"We Thought We Had More Time": Why Your Evacuation Plan Needs to Be Ready Today

At 2:47 PM, the Marshall Fire was a small grass fire. By 4:30 PM, entire neighborhoods were engulfed. Your evacuation plan can't wait.

At 2:47 PM, the Marshall Fire was a small grass fire near Boulder, Colorado. By 4:30 PM, entire neighborhoods were engulfed in flames. Families had minutes — not hours — to evacuate. Some didn't make it out before roads became impassable.

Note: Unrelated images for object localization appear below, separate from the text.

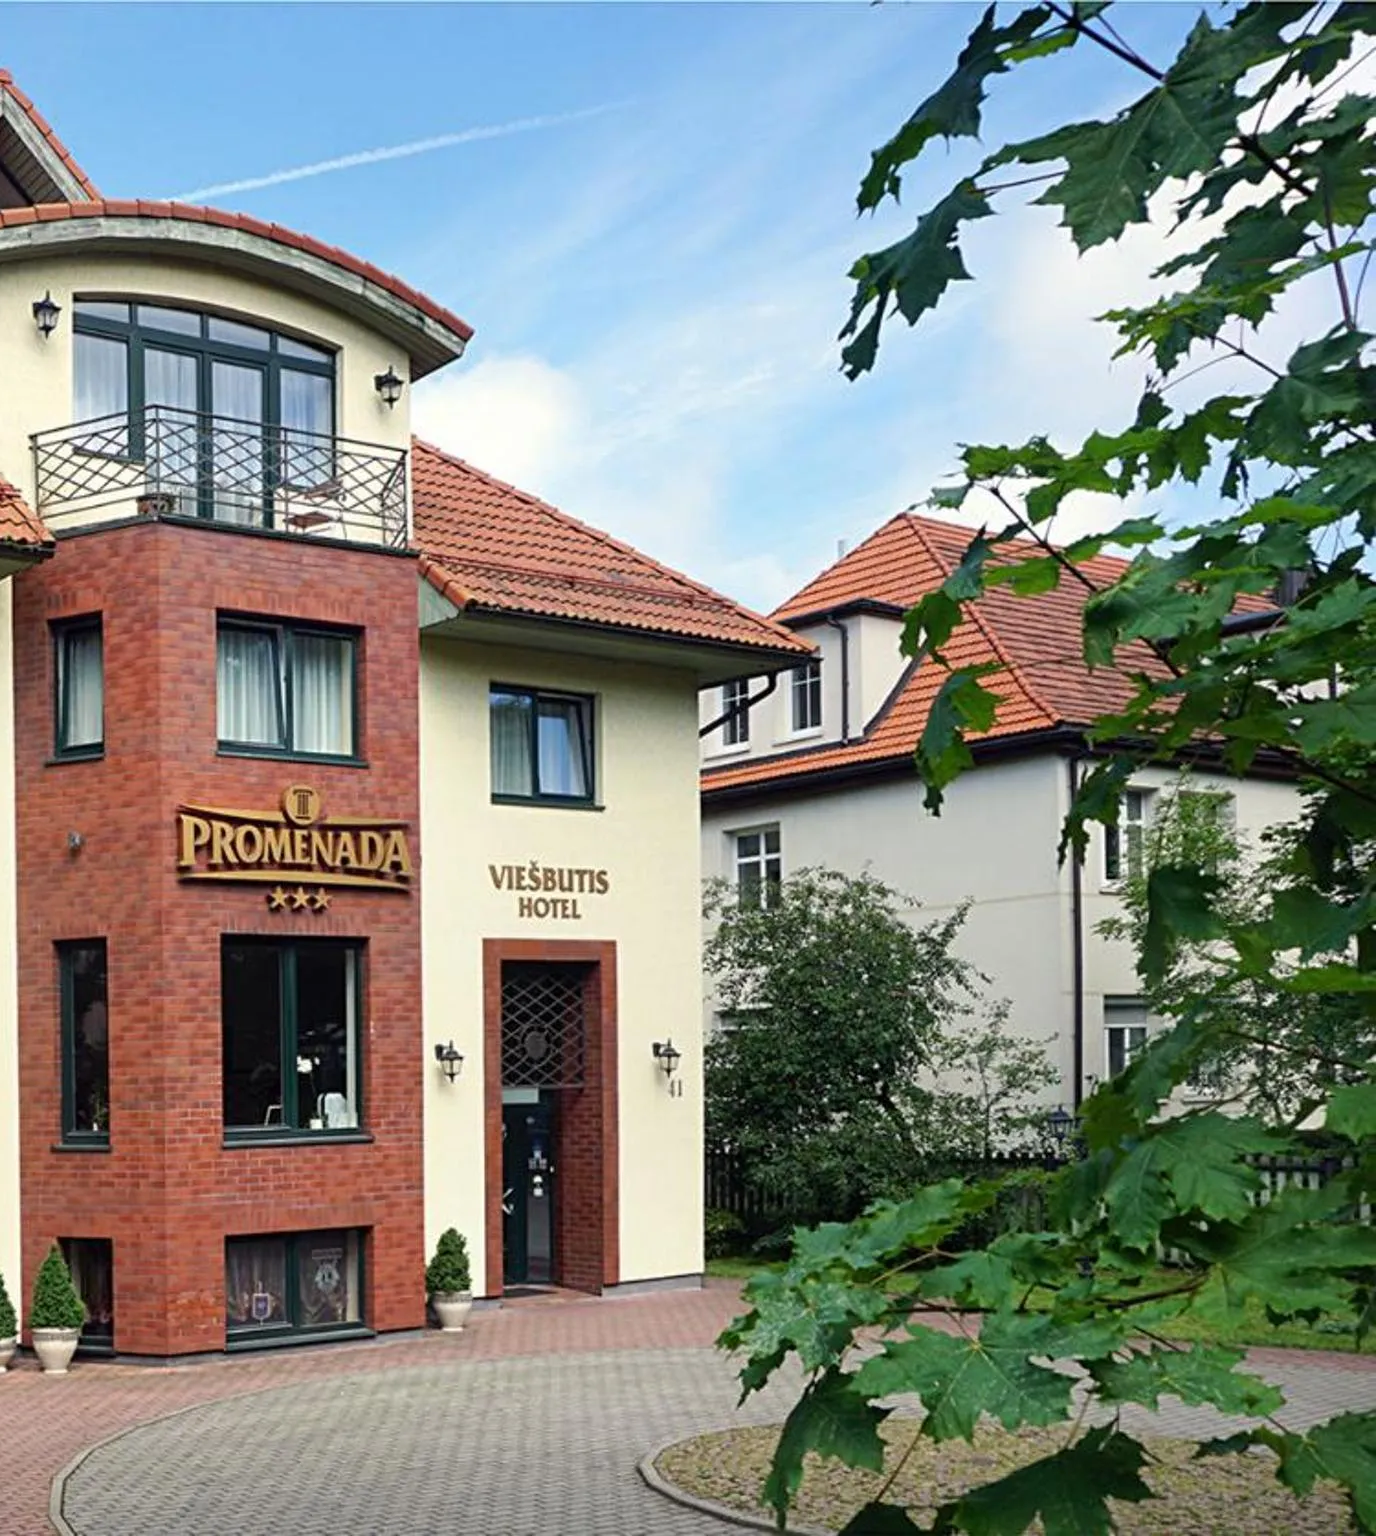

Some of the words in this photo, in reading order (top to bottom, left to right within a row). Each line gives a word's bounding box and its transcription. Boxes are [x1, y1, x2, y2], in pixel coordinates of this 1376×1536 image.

[179, 813, 414, 878] PROMENADA
[488, 860, 610, 894] VIEŠBUTIS
[518, 897, 582, 919] HOTEL
[667, 1079, 682, 1098] 41
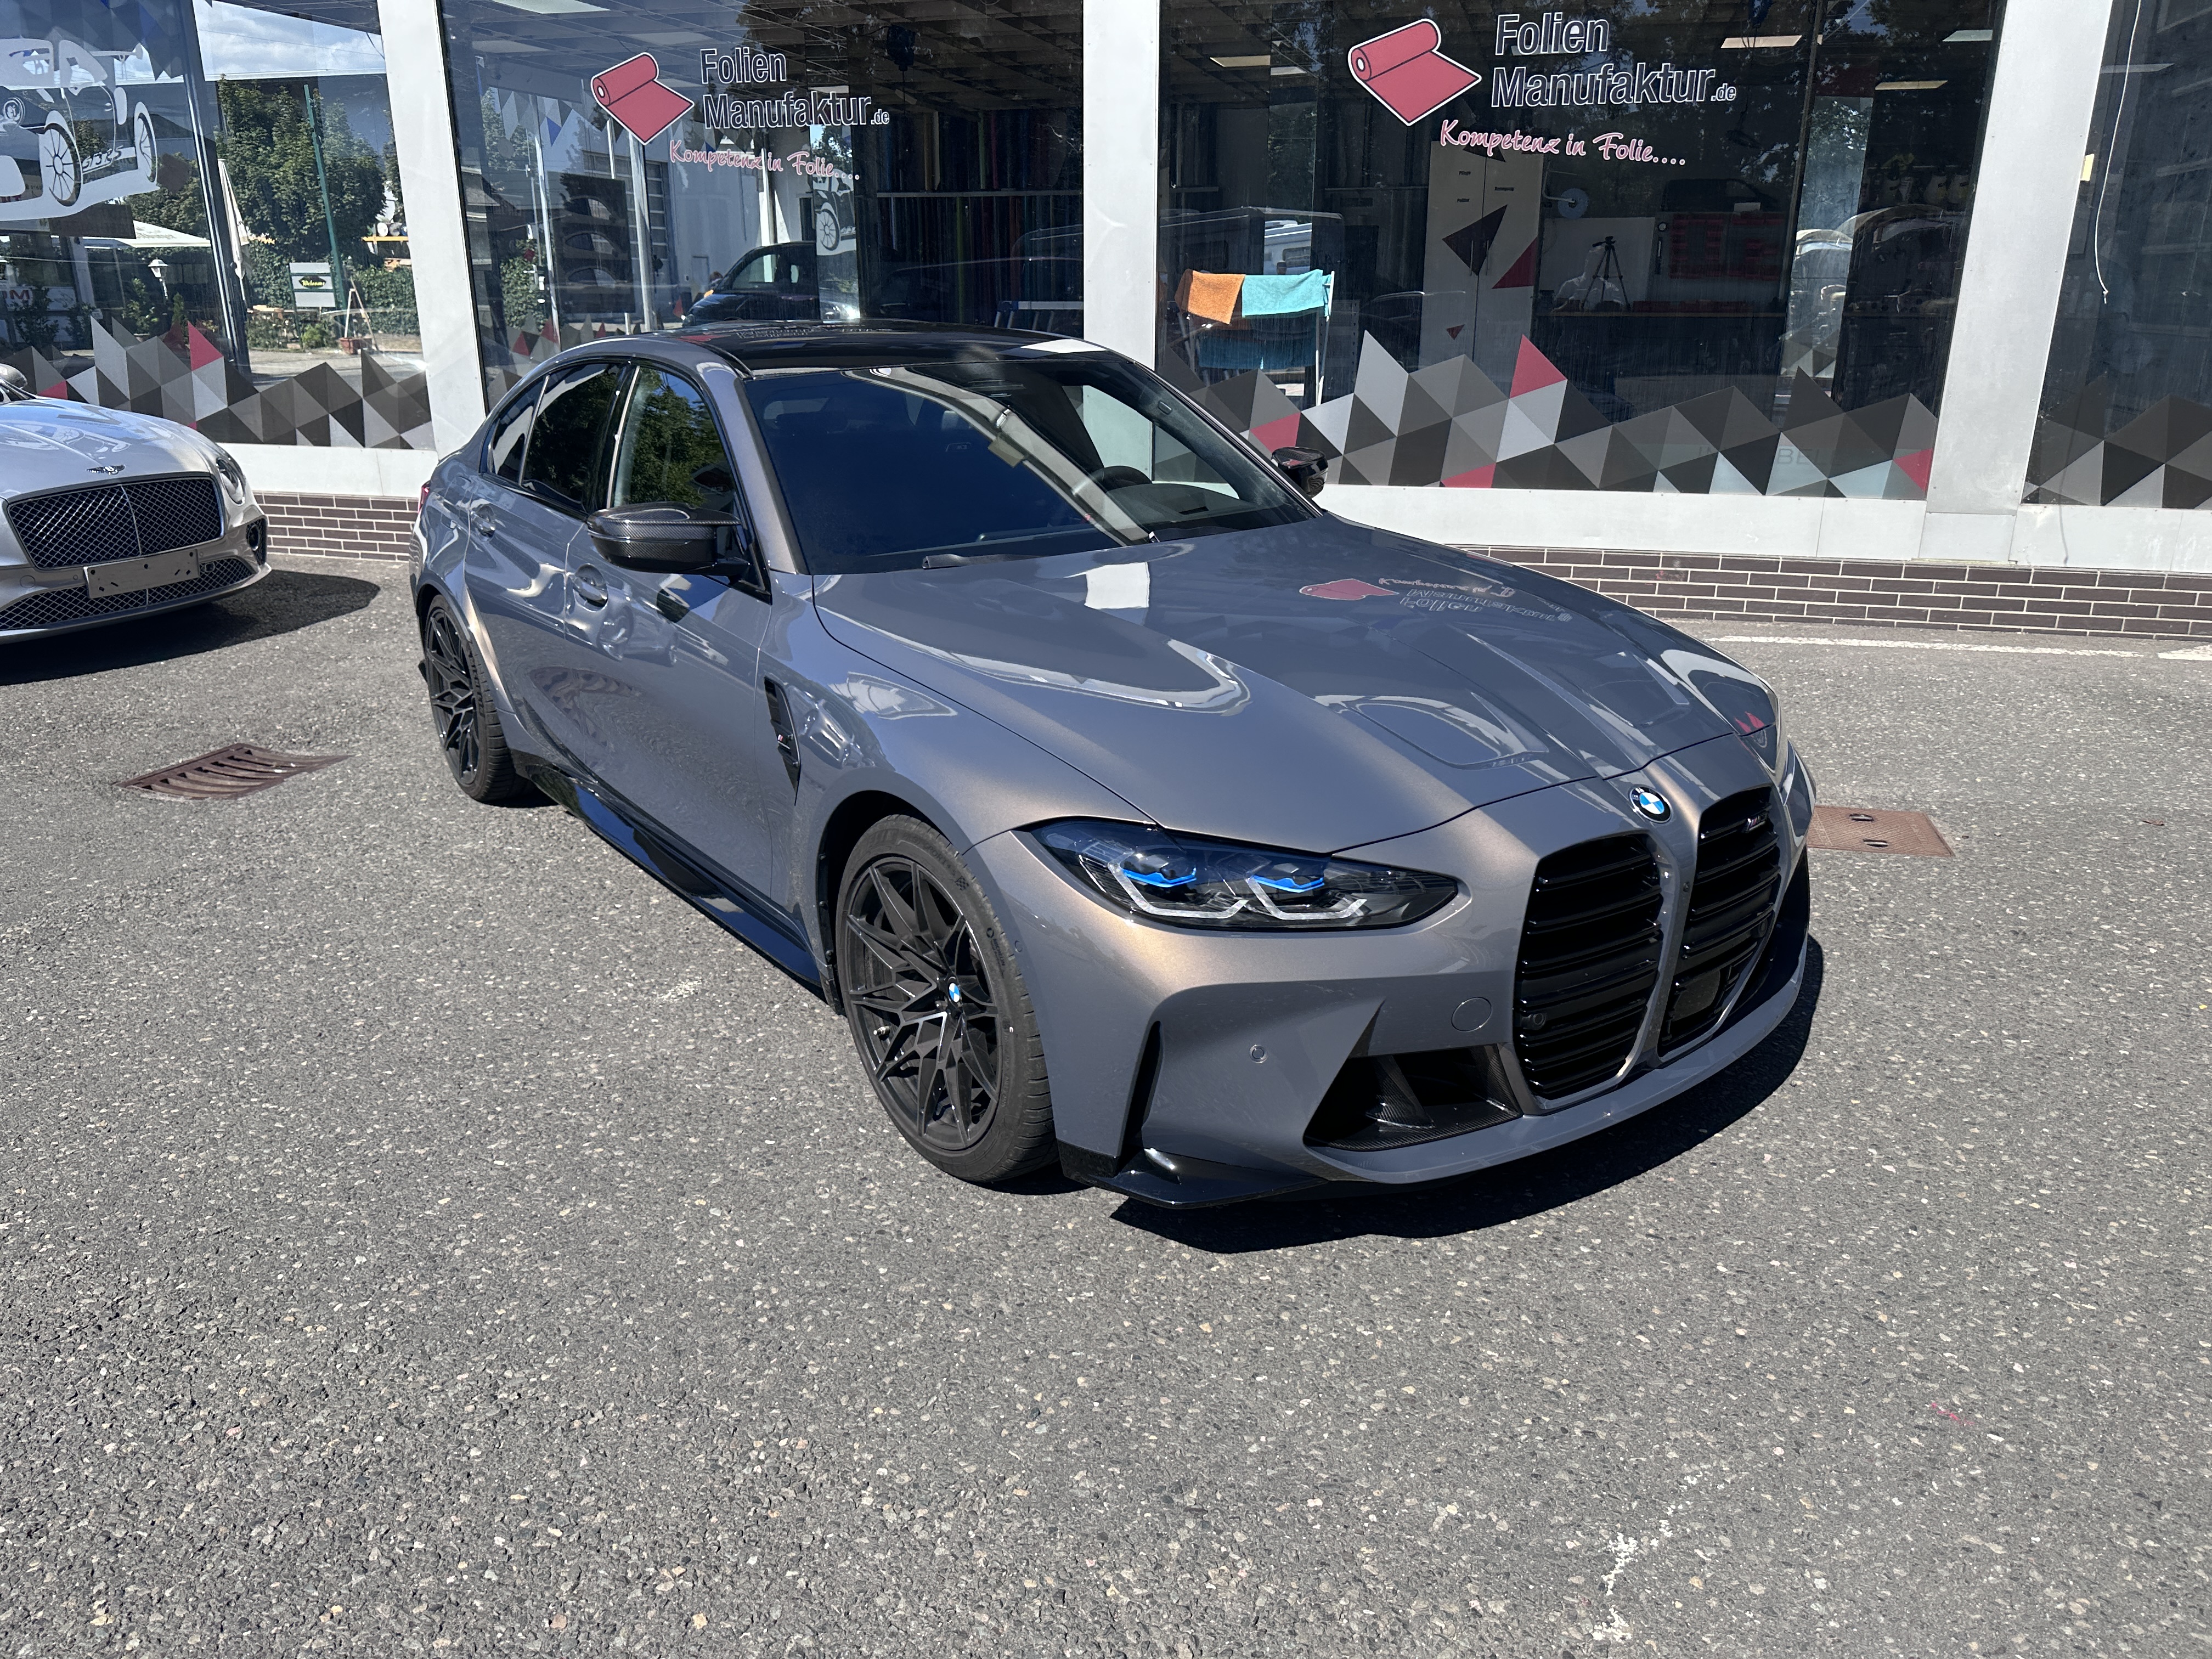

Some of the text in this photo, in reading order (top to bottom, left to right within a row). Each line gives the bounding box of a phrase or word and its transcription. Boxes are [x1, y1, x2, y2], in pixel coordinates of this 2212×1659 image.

[1495, 12, 1609, 55] Folien
[700, 47, 787, 84] Folien
[1491, 63, 1736, 108] Manufaktur.de
[703, 91, 890, 129] Manufaktur.de
[669, 140, 763, 172] Kompetenz
[767, 152, 783, 172] in
[1440, 119, 1561, 156] Kompetenz
[1565, 133, 1587, 156] in
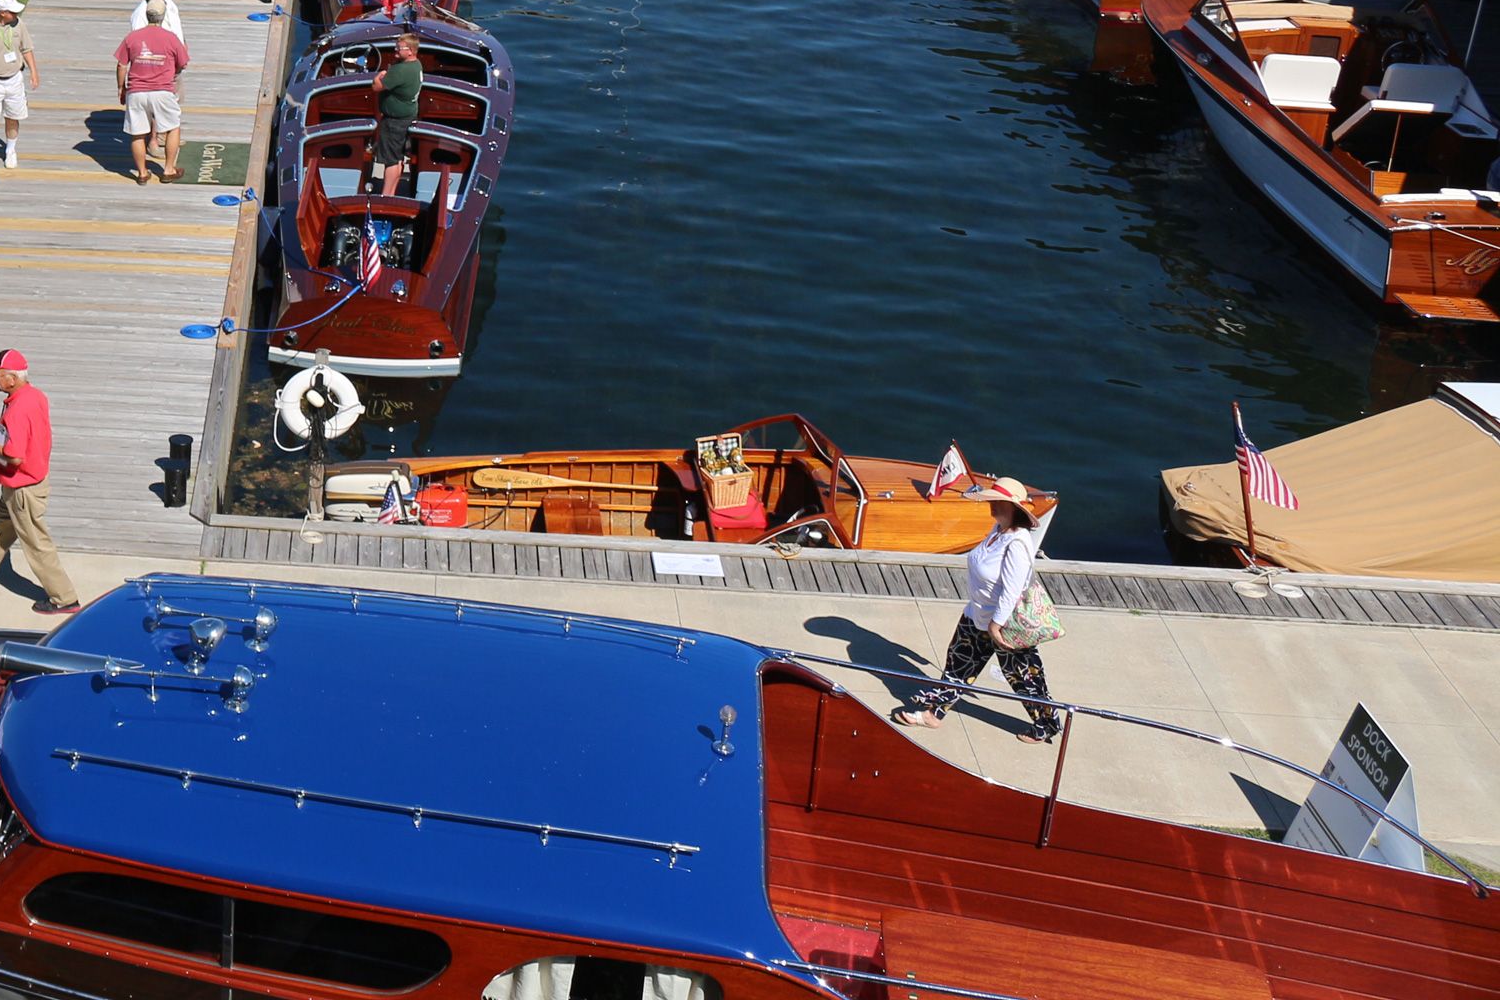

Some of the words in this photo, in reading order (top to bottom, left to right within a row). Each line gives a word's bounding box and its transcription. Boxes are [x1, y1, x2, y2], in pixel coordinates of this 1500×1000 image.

The Marshall Fire destroyed over 1,000 homes and taught Colorado a harsh lesson: when wildfire comes, it comes fast. Your evacuation plan can't be something you figure out when you see smoke. It needs to be ready right now, this moment, because that's when you'll need it.

The Evacuation Reality in Wildfire Country

Living in the Durango area means living with wildfire risk. The question isn't whether you'll ever face evacuation — it's when, and whether you'll be ready.

How Fast Things Happen

Modern wildfires move at speeds that defy intuition:

In the time it takes to gather your family and pets, pack the car, and drive to safety, the situation can deteriorate from "cautionary" to "life-threatening."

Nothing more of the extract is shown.